**Extracted records**

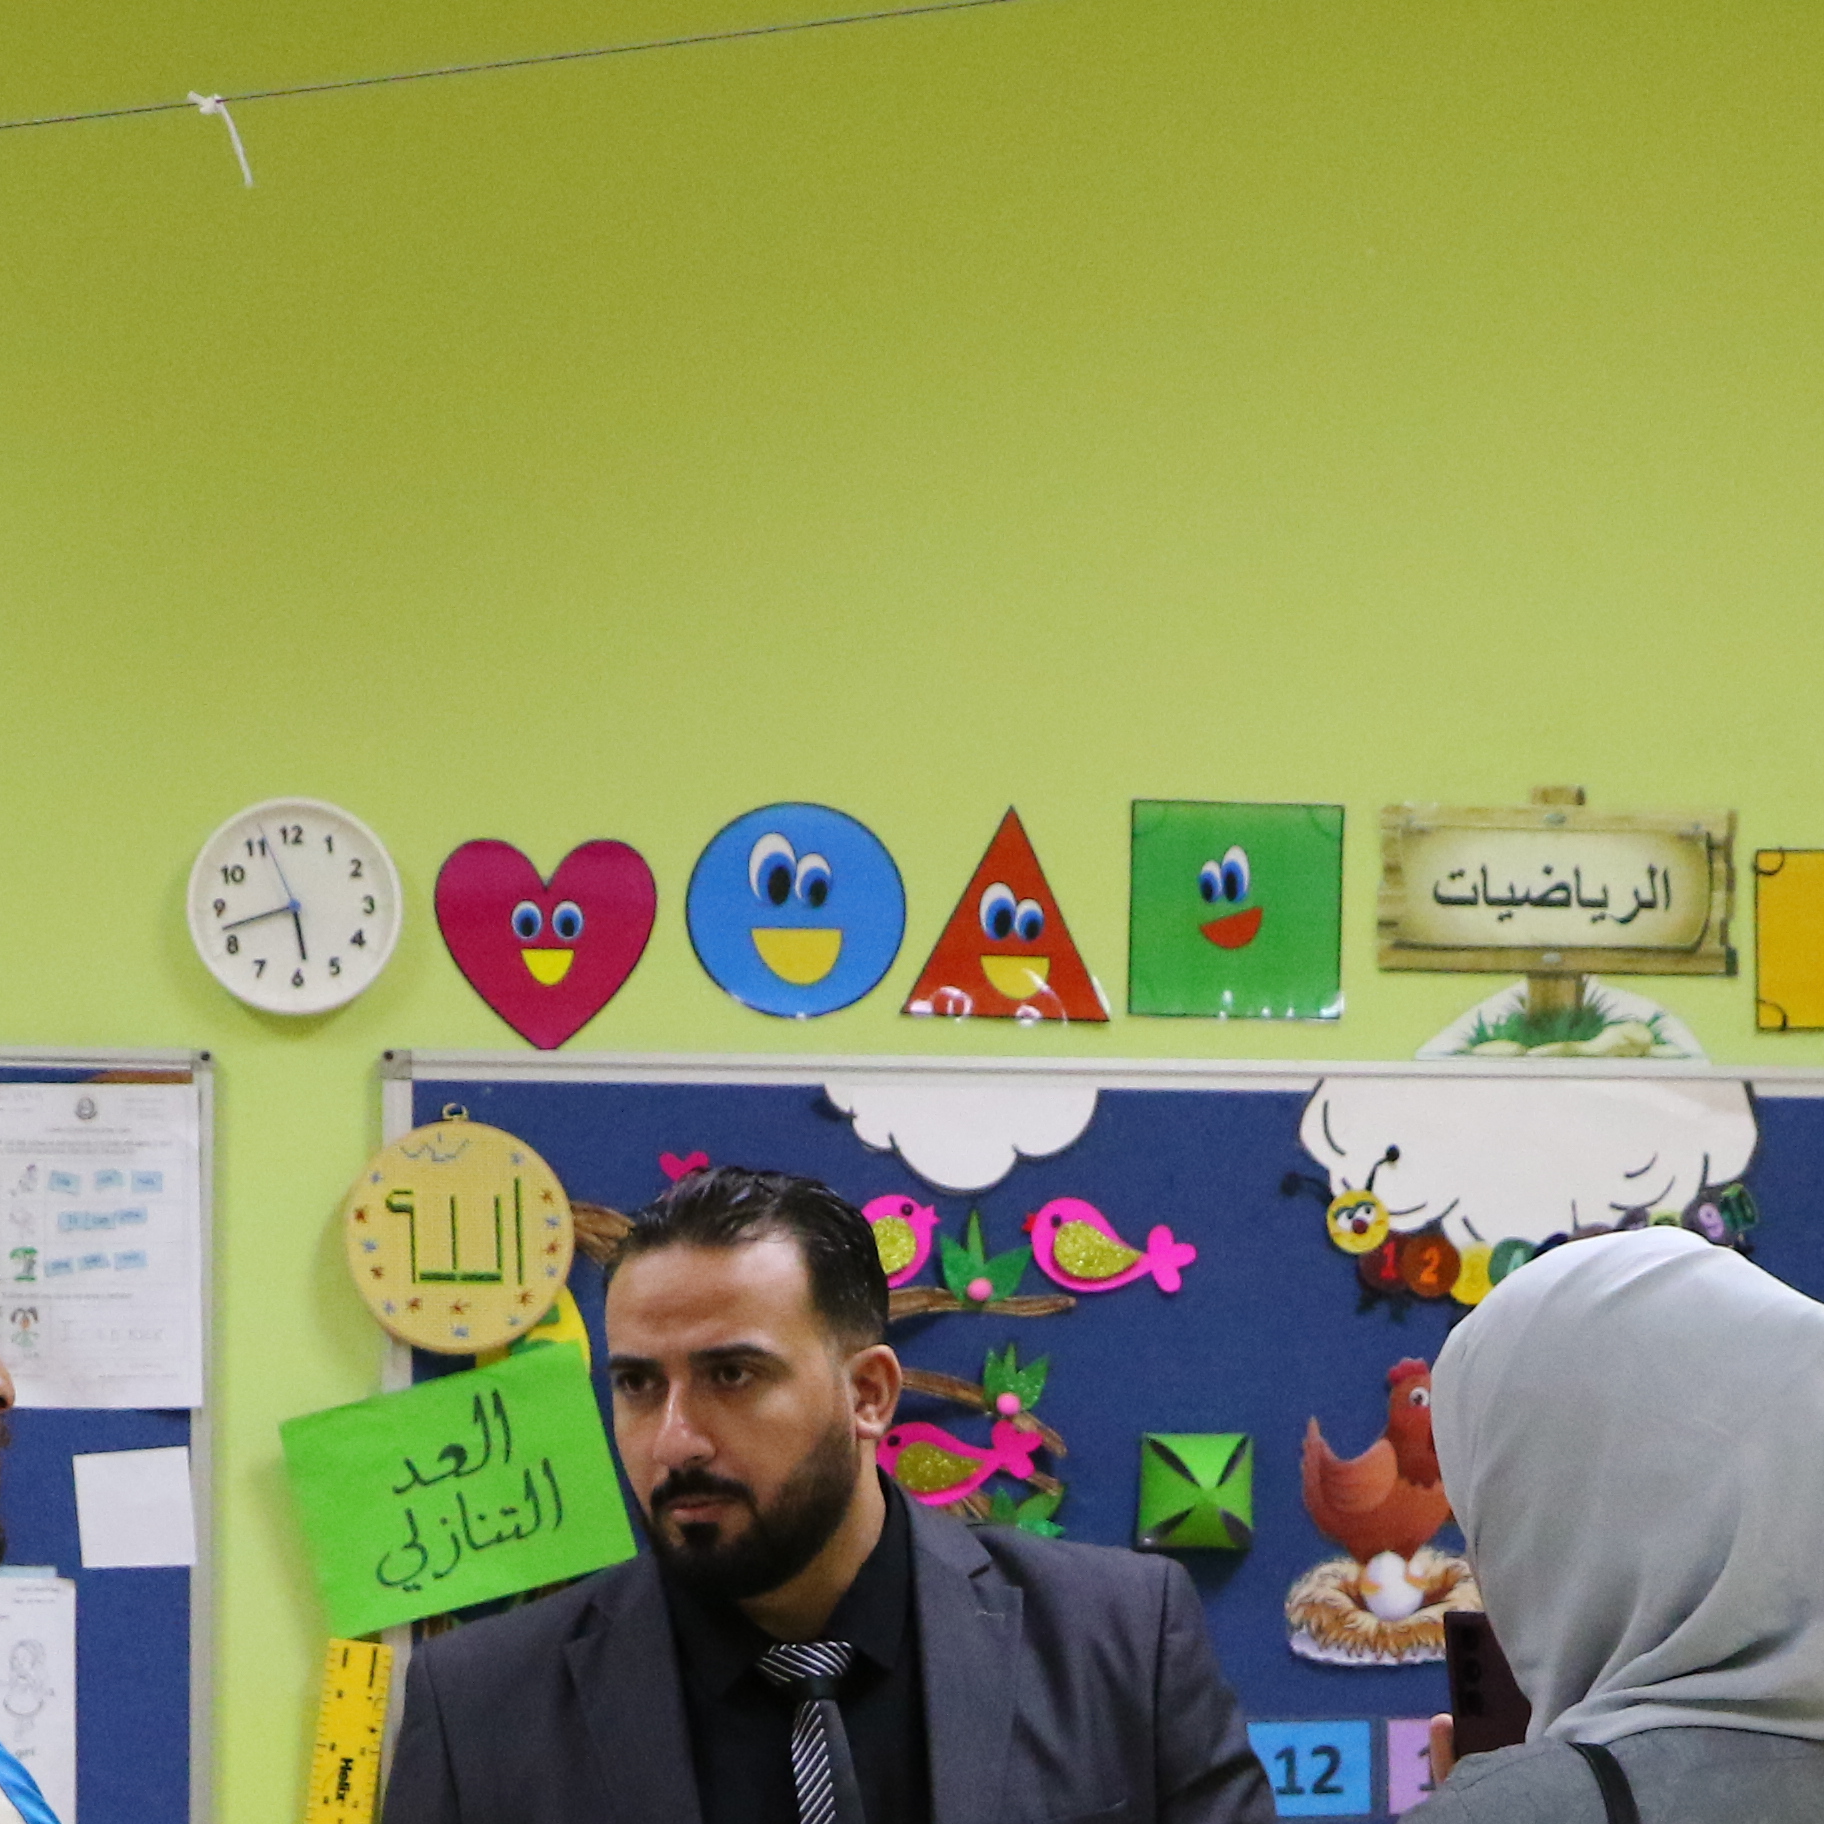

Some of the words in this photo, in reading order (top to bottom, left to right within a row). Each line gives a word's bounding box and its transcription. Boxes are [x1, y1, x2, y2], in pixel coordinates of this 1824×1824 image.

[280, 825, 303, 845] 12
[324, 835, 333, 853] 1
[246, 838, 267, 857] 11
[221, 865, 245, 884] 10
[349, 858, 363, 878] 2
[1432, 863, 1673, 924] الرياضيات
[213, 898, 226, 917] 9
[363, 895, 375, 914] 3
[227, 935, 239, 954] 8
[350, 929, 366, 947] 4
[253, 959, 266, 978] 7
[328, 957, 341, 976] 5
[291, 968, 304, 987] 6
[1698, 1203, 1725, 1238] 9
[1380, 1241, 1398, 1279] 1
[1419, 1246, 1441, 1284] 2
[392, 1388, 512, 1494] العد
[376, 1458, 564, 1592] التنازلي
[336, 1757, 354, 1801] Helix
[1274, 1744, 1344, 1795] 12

==

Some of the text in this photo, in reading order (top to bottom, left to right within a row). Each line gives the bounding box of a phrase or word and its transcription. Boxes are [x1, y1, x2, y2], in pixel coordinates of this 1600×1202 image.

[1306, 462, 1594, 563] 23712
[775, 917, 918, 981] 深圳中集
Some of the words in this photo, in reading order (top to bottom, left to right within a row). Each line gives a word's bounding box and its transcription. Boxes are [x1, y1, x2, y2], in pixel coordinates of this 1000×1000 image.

**Problem statement**
Among the entries above, copy exactly only the lines starting with the one containing "Some of the text" and going through the one containing "this 1000×1000 image.", both ends included.

**Output for this exercise**
Some of the text in this photo, in reading order (top to bottom, left to right within a row). Each line gives the bounding box of a phrase or word and its transcription. Boxes are [x1, y1, x2, y2], in pixel coordinates of this 1600×1202 image.

[1306, 462, 1594, 563] 23712
[775, 917, 918, 981] 深圳中集
Some of the words in this photo, in reading order (top to bottom, left to right within a row). Each line gives a word's bounding box and its transcription. Boxes are [x1, y1, x2, y2], in pixel coordinates of this 1000×1000 image.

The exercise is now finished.